- [Required work] Each record below must be written out again in exactly the same form.

- [Material for this task]
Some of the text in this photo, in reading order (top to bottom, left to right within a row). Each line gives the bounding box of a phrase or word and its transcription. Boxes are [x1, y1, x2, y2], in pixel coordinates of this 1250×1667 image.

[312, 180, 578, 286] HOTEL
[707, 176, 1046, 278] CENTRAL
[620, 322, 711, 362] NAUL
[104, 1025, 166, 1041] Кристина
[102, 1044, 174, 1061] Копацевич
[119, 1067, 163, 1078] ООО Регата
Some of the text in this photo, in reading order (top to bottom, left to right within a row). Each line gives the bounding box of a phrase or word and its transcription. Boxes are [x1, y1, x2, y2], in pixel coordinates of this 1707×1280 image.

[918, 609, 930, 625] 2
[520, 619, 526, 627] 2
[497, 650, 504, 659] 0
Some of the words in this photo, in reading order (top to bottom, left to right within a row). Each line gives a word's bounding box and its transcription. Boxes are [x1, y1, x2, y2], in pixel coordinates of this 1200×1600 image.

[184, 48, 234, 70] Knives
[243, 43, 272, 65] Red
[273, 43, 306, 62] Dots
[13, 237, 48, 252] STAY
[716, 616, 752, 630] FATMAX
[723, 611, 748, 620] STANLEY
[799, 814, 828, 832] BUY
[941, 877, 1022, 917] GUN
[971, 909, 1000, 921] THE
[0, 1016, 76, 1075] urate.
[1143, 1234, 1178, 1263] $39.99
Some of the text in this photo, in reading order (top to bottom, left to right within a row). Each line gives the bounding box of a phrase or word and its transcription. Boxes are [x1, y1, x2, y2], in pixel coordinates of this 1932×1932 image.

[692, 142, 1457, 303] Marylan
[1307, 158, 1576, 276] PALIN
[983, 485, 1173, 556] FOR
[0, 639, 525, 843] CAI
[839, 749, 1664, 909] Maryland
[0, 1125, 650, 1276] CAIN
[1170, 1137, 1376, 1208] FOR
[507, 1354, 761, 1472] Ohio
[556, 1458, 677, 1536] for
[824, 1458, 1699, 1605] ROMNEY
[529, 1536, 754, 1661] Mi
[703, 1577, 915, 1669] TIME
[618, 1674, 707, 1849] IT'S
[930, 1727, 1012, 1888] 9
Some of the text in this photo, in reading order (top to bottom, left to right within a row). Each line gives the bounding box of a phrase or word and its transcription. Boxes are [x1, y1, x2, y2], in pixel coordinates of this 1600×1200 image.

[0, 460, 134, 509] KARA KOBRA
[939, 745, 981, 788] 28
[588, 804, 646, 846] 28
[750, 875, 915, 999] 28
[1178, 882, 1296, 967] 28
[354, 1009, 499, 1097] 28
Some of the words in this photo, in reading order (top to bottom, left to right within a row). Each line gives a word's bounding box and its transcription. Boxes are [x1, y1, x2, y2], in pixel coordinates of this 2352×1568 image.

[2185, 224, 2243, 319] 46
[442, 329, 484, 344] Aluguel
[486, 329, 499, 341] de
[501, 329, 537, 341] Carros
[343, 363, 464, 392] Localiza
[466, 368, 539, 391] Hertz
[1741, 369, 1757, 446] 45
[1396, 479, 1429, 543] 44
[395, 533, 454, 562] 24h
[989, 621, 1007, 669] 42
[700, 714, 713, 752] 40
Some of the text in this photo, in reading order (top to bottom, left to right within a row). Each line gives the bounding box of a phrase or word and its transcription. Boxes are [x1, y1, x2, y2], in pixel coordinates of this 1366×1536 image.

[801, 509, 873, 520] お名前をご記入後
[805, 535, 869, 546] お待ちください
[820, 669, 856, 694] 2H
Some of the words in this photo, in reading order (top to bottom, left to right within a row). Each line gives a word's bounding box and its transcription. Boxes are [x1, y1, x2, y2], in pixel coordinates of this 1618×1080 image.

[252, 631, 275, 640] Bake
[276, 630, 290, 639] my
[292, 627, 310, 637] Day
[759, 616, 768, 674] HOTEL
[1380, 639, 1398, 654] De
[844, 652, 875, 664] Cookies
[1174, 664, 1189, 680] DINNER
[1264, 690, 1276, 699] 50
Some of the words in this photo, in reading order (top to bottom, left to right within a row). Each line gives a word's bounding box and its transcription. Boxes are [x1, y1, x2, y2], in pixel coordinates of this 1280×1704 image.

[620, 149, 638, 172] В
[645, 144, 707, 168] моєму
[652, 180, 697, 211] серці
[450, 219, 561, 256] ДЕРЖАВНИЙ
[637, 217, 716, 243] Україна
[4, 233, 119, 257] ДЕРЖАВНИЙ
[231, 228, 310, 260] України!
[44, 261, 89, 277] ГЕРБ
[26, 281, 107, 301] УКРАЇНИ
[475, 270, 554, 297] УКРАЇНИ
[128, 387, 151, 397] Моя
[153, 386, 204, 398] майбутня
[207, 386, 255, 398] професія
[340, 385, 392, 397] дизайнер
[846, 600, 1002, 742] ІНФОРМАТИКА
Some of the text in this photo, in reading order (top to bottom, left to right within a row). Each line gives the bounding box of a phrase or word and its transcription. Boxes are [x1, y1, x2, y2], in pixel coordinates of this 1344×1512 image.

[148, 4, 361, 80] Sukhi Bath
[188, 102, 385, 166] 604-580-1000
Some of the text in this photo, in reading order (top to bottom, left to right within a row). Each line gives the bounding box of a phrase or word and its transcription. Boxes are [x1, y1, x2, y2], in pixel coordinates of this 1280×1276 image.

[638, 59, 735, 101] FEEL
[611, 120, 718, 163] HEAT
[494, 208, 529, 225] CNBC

- [Output for this exercise]
Some of the text in this photo, in reading order (top to bottom, left to right within a row). Each line gives the bounding box of a phrase or word and its transcription. Boxes are [x1, y1, x2, y2], in pixel coordinates of this 1250×1667 image.

[312, 180, 578, 286] HOTEL
[707, 176, 1046, 278] CENTRAL
[620, 322, 711, 362] NAUL
[104, 1025, 166, 1041] Кристина
[102, 1044, 174, 1061] Копацевич
[119, 1067, 163, 1078] ООО Регата
Some of the text in this photo, in reading order (top to bottom, left to right within a row). Each line gives the bounding box of a phrase or word and its transcription. Boxes are [x1, y1, x2, y2], in pixel coordinates of this 1707×1280 image.

[918, 609, 930, 625] 2
[520, 619, 526, 627] 2
[497, 650, 504, 659] 0
Some of the words in this photo, in reading order (top to bottom, left to right within a row). Each line gives a word's bounding box and its transcription. Boxes are [x1, y1, x2, y2], in pixel coordinates of this 1200×1600 image.

[184, 48, 234, 70] Knives
[243, 43, 272, 65] Red
[273, 43, 306, 62] Dots
[13, 237, 48, 252] STAY
[716, 616, 752, 630] FATMAX
[723, 611, 748, 620] STANLEY
[799, 814, 828, 832] BUY
[941, 877, 1022, 917] GUN
[971, 909, 1000, 921] THE
[0, 1016, 76, 1075] urate.
[1143, 1234, 1178, 1263] $39.99
Some of the text in this photo, in reading order (top to bottom, left to right within a row). Each line gives the bounding box of a phrase or word and its transcription. Boxes are [x1, y1, x2, y2], in pixel coordinates of this 1932×1932 image.

[692, 142, 1457, 303] Marylan
[1307, 158, 1576, 276] PALIN
[983, 485, 1173, 556] FOR
[0, 639, 525, 843] CAI
[839, 749, 1664, 909] Maryland
[0, 1125, 650, 1276] CAIN
[1170, 1137, 1376, 1208] FOR
[507, 1354, 761, 1472] Ohio
[556, 1458, 677, 1536] for
[824, 1458, 1699, 1605] ROMNEY
[529, 1536, 754, 1661] Mi
[703, 1577, 915, 1669] TIME
[618, 1674, 707, 1849] IT'S
[930, 1727, 1012, 1888] 9
Some of the text in this photo, in reading order (top to bottom, left to right within a row). Each line gives the bounding box of a phrase or word and its transcription. Boxes are [x1, y1, x2, y2], in pixel coordinates of this 1600×1200 image.

[0, 460, 134, 509] KARA KOBRA
[939, 745, 981, 788] 28
[588, 804, 646, 846] 28
[750, 875, 915, 999] 28
[1178, 882, 1296, 967] 28
[354, 1009, 499, 1097] 28
Some of the words in this photo, in reading order (top to bottom, left to right within a row). Each line gives a word's bounding box and its transcription. Boxes are [x1, y1, x2, y2], in pixel coordinates of this 2352×1568 image.

[2185, 224, 2243, 319] 46
[442, 329, 484, 344] Aluguel
[486, 329, 499, 341] de
[501, 329, 537, 341] Carros
[343, 363, 464, 392] Localiza
[466, 368, 539, 391] Hertz
[1741, 369, 1757, 446] 45
[1396, 479, 1429, 543] 44
[395, 533, 454, 562] 24h
[989, 621, 1007, 669] 42
[700, 714, 713, 752] 40
Some of the text in this photo, in reading order (top to bottom, left to right within a row). Each line gives the bounding box of a phrase or word and its transcription. Boxes are [x1, y1, x2, y2], in pixel coordinates of this 1366×1536 image.

[801, 509, 873, 520] お名前をご記入後
[805, 535, 869, 546] お待ちください
[820, 669, 856, 694] 2H
Some of the words in this photo, in reading order (top to bottom, left to right within a row). Each line gives a word's bounding box and its transcription. Boxes are [x1, y1, x2, y2], in pixel coordinates of this 1618×1080 image.

[252, 631, 275, 640] Bake
[276, 630, 290, 639] my
[292, 627, 310, 637] Day
[759, 616, 768, 674] HOTEL
[1380, 639, 1398, 654] De
[844, 652, 875, 664] Cookies
[1174, 664, 1189, 680] DINNER
[1264, 690, 1276, 699] 50
Some of the words in this photo, in reading order (top to bottom, left to right within a row). Each line gives a word's bounding box and its transcription. Boxes are [x1, y1, x2, y2], in pixel coordinates of this 1280×1704 image.

[620, 149, 638, 172] В
[645, 144, 707, 168] моєму
[652, 180, 697, 211] серці
[450, 219, 561, 256] ДЕРЖАВНИЙ
[637, 217, 716, 243] Україна
[4, 233, 119, 257] ДЕРЖАВНИЙ
[231, 228, 310, 260] України!
[44, 261, 89, 277] ГЕРБ
[26, 281, 107, 301] УКРАЇНИ
[475, 270, 554, 297] УКРАЇНИ
[128, 387, 151, 397] Моя
[153, 386, 204, 398] майбутня
[207, 386, 255, 398] професія
[340, 385, 392, 397] дизайнер
[846, 600, 1002, 742] ІНФОРМАТИКА
Some of the text in this photo, in reading order (top to bottom, left to right within a row). Each line gives the bounding box of a phrase or word and its transcription. Boxes are [x1, y1, x2, y2], in pixel coordinates of this 1344×1512 image.

[148, 4, 361, 80] Sukhi Bath
[188, 102, 385, 166] 604-580-1000
Some of the text in this photo, in reading order (top to bottom, left to right within a row). Each line gives the bounding box of a phrase or word and its transcription. Boxes are [x1, y1, x2, y2], in pixel coordinates of this 1280×1276 image.

[638, 59, 735, 101] FEEL
[611, 120, 718, 163] HEAT
[494, 208, 529, 225] CNBC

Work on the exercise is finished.